PROBLEM TO SOLVE → From the line containing "this 1512×1002 image." to the last line of the records below, repeat every line exactly and add nothing else.

Collected data →

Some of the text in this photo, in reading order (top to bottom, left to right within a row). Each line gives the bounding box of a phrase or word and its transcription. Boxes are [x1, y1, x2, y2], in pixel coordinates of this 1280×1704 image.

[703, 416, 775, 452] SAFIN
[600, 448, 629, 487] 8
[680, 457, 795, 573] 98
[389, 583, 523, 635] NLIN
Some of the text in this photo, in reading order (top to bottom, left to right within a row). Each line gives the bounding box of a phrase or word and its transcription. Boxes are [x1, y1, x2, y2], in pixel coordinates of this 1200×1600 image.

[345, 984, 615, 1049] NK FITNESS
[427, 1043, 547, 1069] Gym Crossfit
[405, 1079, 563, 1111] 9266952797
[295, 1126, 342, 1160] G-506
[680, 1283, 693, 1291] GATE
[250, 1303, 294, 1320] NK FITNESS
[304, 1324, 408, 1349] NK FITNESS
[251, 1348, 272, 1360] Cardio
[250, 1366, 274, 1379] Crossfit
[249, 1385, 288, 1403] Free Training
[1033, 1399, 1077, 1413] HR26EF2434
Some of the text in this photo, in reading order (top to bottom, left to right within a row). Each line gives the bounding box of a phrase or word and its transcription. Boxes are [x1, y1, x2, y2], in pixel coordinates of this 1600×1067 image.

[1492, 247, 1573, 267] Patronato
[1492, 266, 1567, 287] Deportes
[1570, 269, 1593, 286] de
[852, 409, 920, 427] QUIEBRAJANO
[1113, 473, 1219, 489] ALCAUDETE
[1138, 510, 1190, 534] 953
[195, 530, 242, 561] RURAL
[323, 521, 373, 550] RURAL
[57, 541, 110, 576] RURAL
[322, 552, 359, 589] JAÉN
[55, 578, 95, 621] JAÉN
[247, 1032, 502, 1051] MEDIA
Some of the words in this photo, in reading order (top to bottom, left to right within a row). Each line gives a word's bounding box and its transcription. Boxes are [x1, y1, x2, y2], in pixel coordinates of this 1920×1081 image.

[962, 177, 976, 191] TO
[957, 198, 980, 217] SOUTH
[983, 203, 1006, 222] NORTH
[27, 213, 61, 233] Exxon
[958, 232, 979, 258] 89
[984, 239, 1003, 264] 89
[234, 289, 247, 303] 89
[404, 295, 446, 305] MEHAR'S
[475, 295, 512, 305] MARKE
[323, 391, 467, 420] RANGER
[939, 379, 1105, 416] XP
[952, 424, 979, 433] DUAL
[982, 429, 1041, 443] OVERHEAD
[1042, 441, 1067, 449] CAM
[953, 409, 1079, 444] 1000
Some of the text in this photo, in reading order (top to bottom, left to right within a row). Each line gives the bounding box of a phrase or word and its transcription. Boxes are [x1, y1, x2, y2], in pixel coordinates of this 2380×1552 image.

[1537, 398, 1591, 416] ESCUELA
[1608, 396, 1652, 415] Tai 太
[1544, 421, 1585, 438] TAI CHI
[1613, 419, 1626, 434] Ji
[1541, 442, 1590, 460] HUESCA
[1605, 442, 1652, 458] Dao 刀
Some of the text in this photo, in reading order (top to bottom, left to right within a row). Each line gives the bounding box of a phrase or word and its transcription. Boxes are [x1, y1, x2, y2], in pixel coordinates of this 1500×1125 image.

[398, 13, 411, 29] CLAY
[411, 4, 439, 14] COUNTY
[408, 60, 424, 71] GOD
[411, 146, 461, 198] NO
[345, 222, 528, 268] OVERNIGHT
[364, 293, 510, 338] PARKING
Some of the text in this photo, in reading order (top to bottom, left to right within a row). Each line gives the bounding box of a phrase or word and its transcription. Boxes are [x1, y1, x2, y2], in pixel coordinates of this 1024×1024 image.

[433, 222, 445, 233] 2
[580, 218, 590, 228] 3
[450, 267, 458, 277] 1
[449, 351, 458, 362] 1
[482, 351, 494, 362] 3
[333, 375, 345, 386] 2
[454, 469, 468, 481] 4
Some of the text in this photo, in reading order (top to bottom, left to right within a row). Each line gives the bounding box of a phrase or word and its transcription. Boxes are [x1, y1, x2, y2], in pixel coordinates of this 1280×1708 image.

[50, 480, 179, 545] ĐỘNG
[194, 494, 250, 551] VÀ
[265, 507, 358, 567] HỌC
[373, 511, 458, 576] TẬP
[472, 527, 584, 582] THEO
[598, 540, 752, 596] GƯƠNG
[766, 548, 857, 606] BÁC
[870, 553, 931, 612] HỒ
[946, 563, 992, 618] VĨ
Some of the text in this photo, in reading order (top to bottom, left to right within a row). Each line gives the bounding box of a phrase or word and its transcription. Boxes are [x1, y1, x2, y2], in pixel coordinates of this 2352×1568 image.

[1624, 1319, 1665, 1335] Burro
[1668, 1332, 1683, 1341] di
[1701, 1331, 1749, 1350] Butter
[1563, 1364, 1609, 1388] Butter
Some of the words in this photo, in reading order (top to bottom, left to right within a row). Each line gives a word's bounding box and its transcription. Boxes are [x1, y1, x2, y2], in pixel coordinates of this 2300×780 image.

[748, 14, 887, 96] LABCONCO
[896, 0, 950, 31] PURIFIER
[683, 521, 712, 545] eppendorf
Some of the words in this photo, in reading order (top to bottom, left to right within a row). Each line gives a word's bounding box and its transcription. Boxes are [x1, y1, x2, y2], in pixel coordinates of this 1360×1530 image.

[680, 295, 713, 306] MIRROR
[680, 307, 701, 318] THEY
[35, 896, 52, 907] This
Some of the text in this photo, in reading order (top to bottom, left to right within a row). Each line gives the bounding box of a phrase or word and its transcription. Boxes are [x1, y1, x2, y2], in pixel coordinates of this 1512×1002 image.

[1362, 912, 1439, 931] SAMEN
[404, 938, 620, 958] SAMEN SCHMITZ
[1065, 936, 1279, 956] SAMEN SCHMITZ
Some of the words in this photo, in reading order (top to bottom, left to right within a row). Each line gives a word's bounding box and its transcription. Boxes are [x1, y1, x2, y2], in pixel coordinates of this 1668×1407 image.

ANSWER SPACE →
Some of the text in this photo, in reading order (top to bottom, left to right within a row). Each line gives the bounding box of a phrase or word and its transcription. Boxes are [x1, y1, x2, y2], in pixel coordinates of this 1512×1002 image.

[1362, 912, 1439, 931] SAMEN
[404, 938, 620, 958] SAMEN SCHMITZ
[1065, 936, 1279, 956] SAMEN SCHMITZ
Some of the words in this photo, in reading order (top to bottom, left to right within a row). Each line gives a word's bounding box and its transcription. Boxes are [x1, y1, x2, y2], in pixel coordinates of this 1668×1407 image.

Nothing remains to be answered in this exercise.